Disclaimer: I don't own anything Twilight, blah, blah, blah. But I would like to thank Stephenie Meyer for getting me to write.

A/N:

6/4/10 – Hi everyone. I have re-edited Chapters 1-13 of this story, and am now reposting them. The main storyline remains the same, just some additional details, descriptions, and other, um, minor things have changed. I loaded this story anxious to see my first fanfic "live". After it was accepted to , I began to tinker with it as I gave chapters to my wonderful beta, Jenny_Cullen. As any perfectionist knows, it's just so hard to let it go.

You can choose to reread, if you've already read them, or not, but I wanted to let you know. Chapters going forward will most likely post the day of, or the day after, they post on .

Thank you all for your patience, as this puppy has lain dormant here for far too long. You should be seeing weekly, if not biweekly updates to it going forward.

Please note: This story does contain rape. It is neither gratuitous not does it glorify or condone rape in any way, but it is integral to the story. I understand this may be an issue for some people and respect that you may choose to not to continue reading because of it. If you have any questions, please feel free to PM me, and I'll be happy to discuss it.

Thanks to Alexis Danaan for her rib-cracking wit, superhuman writing skills, general greatness, and for keeping an old, I mean more mature, chick writing.

Thanks to my pal Megan, the rabid Twins fan, for her editing prowess, secret workplace meetings to discuss, um, work, and for not blushing when talking about . . . well, you'll see.

And to my Bossman, who as a male familiar with Twilight, lied and said he wanted to read this, and for enduring all of the lovey-dovey shit.


A Foreshadowing:

"I . . . I'm waiting for someone. He should be here shortly." Dammit Catherine, you have to do better than that.

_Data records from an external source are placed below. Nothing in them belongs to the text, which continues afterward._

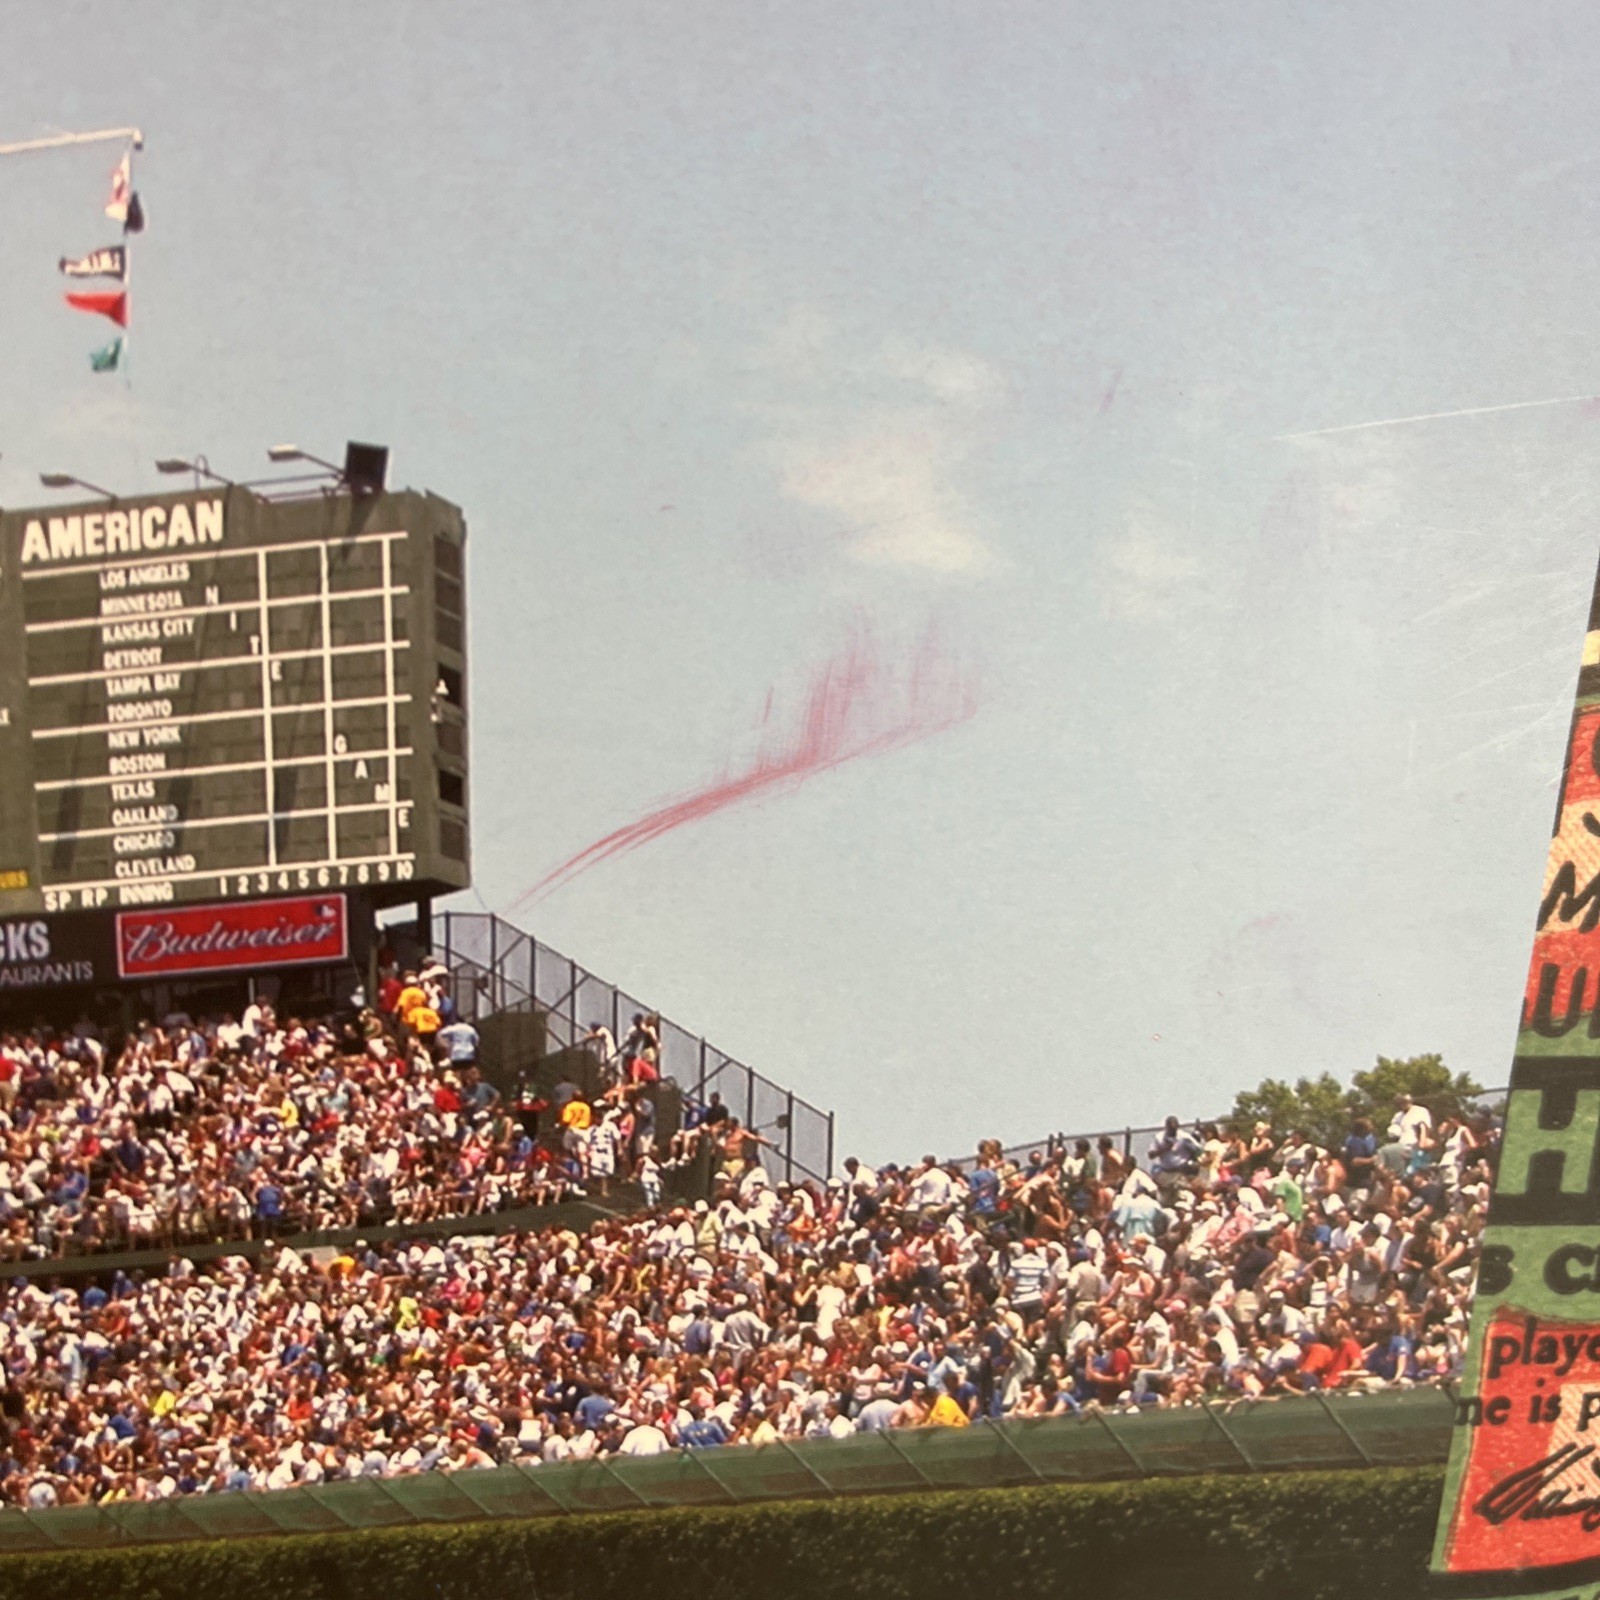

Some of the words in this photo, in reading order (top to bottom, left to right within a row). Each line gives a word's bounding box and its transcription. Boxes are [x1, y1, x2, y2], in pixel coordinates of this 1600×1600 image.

[21, 499, 223, 564] AMERICAN
[100, 568, 127, 591] LOS
[128, 561, 190, 587] ANGELES
[101, 590, 183, 615] MINNESOTA
[103, 620, 160, 644] KANSAS
[162, 616, 195, 638] CITY
[104, 646, 162, 670] DETROIT
[106, 674, 152, 697] TAMPA
[153, 672, 181, 693] BAY
[107, 698, 173, 722] TORONTO
[108, 730, 140, 750] NEW
[142, 725, 182, 746] YORK
[109, 752, 166, 775] BOSTON
[112, 780, 156, 802] TEXAS
[112, 803, 178, 826] OAKLAND
[113, 830, 176, 854] CHICAGO
[115, 853, 197, 879] CLEVELAND
[45, 890, 72, 913] SP
[81, 887, 109, 909] RP
[119, 881, 174, 906] INNING
[219, 875, 228, 896] 1
[237, 873, 250, 896] 2
[257, 871, 270, 893] 3
[277, 870, 290, 891] 4
[298, 868, 310, 889] 5
[317, 866, 330, 887] 6
[338, 865, 349, 885] 7
[357, 863, 370, 884] 8
[377, 861, 390, 882] 9
[396, 860, 415, 881] 10
[124, 915, 337, 963] Budweiser
[1526, 1377, 1562, 1424] is

"He went to, uh, go to the bathroom." Stupid. I tried to figure out if I could make it past him. I wondered how long it would be before I would see anyone else on the trail. He didn't look very big, maybe my height. I think I could get around him if I faked him to the right and then went left . . .

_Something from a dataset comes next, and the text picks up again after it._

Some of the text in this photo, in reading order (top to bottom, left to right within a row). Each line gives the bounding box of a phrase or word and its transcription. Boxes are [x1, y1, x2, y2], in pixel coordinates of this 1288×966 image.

"No. I don't believe he did."

"Yes, he's just over . . ."

He was a mere step in front of me before I finished my blink. "No, you're traveling alone. Not very prudent. You never know who you might meet . . . in a place like this."

His hand reached out to caress my face. I couldn't move. I should've jumped his hand was so cold, but I didn't, as he brought it across my cheek, down across my jawbone, stopping on my neck. I could feel his breath as he leaned in and whispered,

"I'll be waiting for you.


*The music listed at the beginning of each chapter is a suggested "mood" enhancer for the chapter. My own private score. All the music listed is the music I listened to while writing this.

Chapter 1

Rachmaninoff, Symphony No. 2 in E minor Op. 27: Adagio

CathPOV

Shit.

Just great. I stopped the car on the side of the road and got out to pretend I actually knew something about car engines. Smoke. Lots of it. Something told me not to even attempt to open the hood. Damn rental cars. I had decided to drive 101 up the coast, around and through Olympic National Park. I planned to stop in, just outside Forks, Washington and stay in a little lodge along the coast – Kalaloch Lodge. Their website said the sunsets were absolutely "amazing". But here I was, along the side of the road with a busted something-or-other that was sending great plumes of smoke out the hood of my economy bucket-of-bolts. Of course, I don't have a clue about cars. I had AAA. But I was in the middle of basically nowhere, well, relatively nowhere compared to the suburbs of Chicago. It seemed AAA knew that as well, since they told me it might be an hour before they got to me. An hour? Really?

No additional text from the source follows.